La qualification des feux repose essentiellement sur la superficie brûlée. Mais le terme de «mégafeu», lui, s’emploie en cas d’incendie «hors de contrôle».
L'incendie à Durban-Corbières, dans l'Aude, le 7 août 2025. (Idriss Bigou-Gilles/AFP)
publié le 7 août 2025 à 16h00

Avec 16 000 hectares partis en fumée en moins de vingt-quatre heures, l’incendie qui continue de ravager le massif des Corbières, dans l’Aude, a déjà brûlé une surface record.

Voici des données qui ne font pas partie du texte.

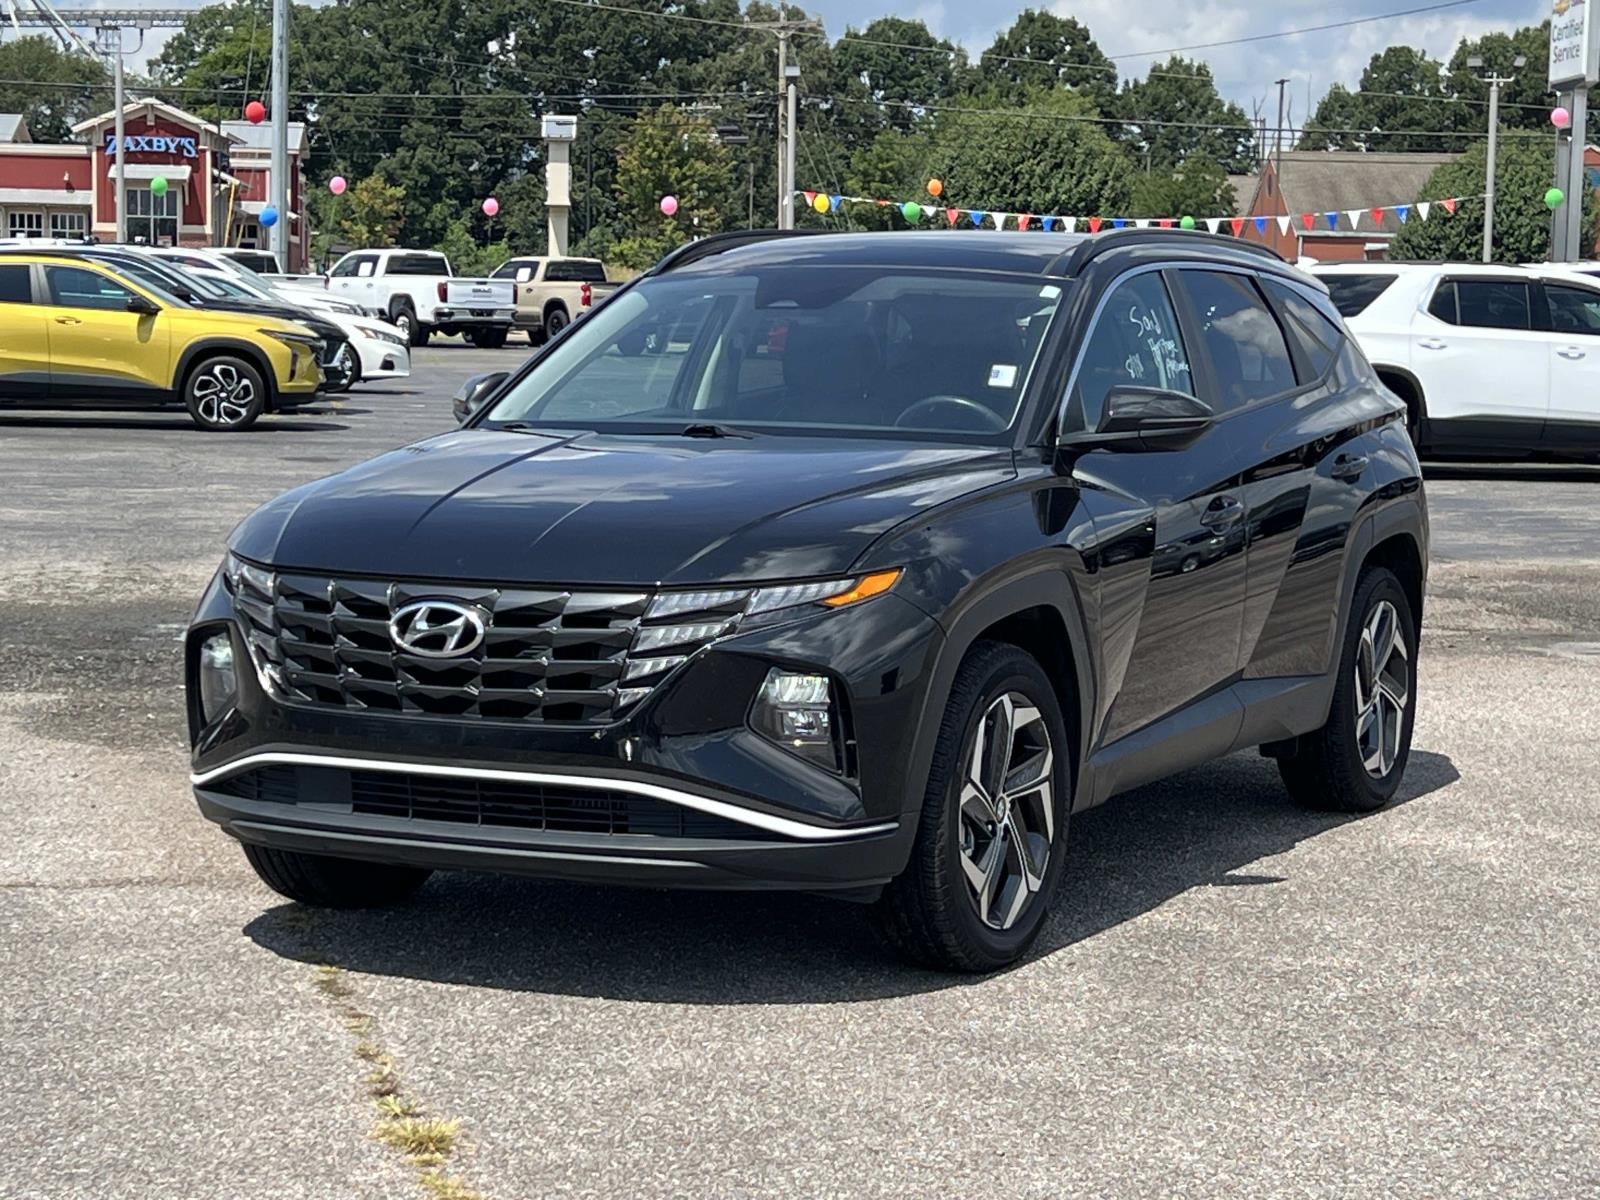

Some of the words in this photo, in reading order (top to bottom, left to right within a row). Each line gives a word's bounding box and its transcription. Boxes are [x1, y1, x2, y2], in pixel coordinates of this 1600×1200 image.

[1553, 18, 1583, 42] Certified
[1553, 44, 1580, 64] Service
[105, 134, 197, 158] ZAXBY'S

Il s’agit de la plus grande superficie détruite, à partir d’un seul et même foyer, depuis que les relevés se sont systématisés en 1973. C’est même le plus important incendie depuis «le feu du siècle» de 1949, dont l’étendue avait à l’époque été estimée à 50 000 hectares.

Comment alors définir ce feu d’une ampleur historique ? Remplit-il les critères pour parler de «grand feu», de «feu exceptionnel», voire de «mégafeu» ?

Pour mesurer l’importance des feux, un premier palier est fixé à 100 hectares. Les feux qui atteignent ce stade peuvent déjà être considérés comme des «incendies significatifs», exposait Pierre Schaller, ancien colonel des sapeurs-pompiers, et désormais expert auprès du SDIS des Bouches-du-Rhône, en 2022 à Ouest-France. «Significatifs» car ils «commencent à poser des problèmes très particuliers d’extinction», et peuvent nécessiter «des moyens aériens», encore plus s’ils vont «au contact de zones habitées».

Second seuil : celui des 1 000 hectares. Les incendies qui vont au-delà de cette surface peuvent être qualifiés de «grands feux», voire de «très grands feux». Même sur le pourtour méditerranéen, souvent en proie à des incendies durant la saison estivale, un feu qui brûle plus de «1 000 hectares, ce n’est pas courant», soulignait encore Pierre Schaller. En 2003, dans le massif des Maures, dans le Var, 6 800 hectares sont partis en fumée à la mi-juillet, puis 5 600 autres onze jours plus tard. Ce qui a causé la mort de sept personnes, ainsi que l’évacuation de 6 000 vacanciers et résidents.

«Le qualificatif pour les mégafeux, ce n’est pas un effet de seuil»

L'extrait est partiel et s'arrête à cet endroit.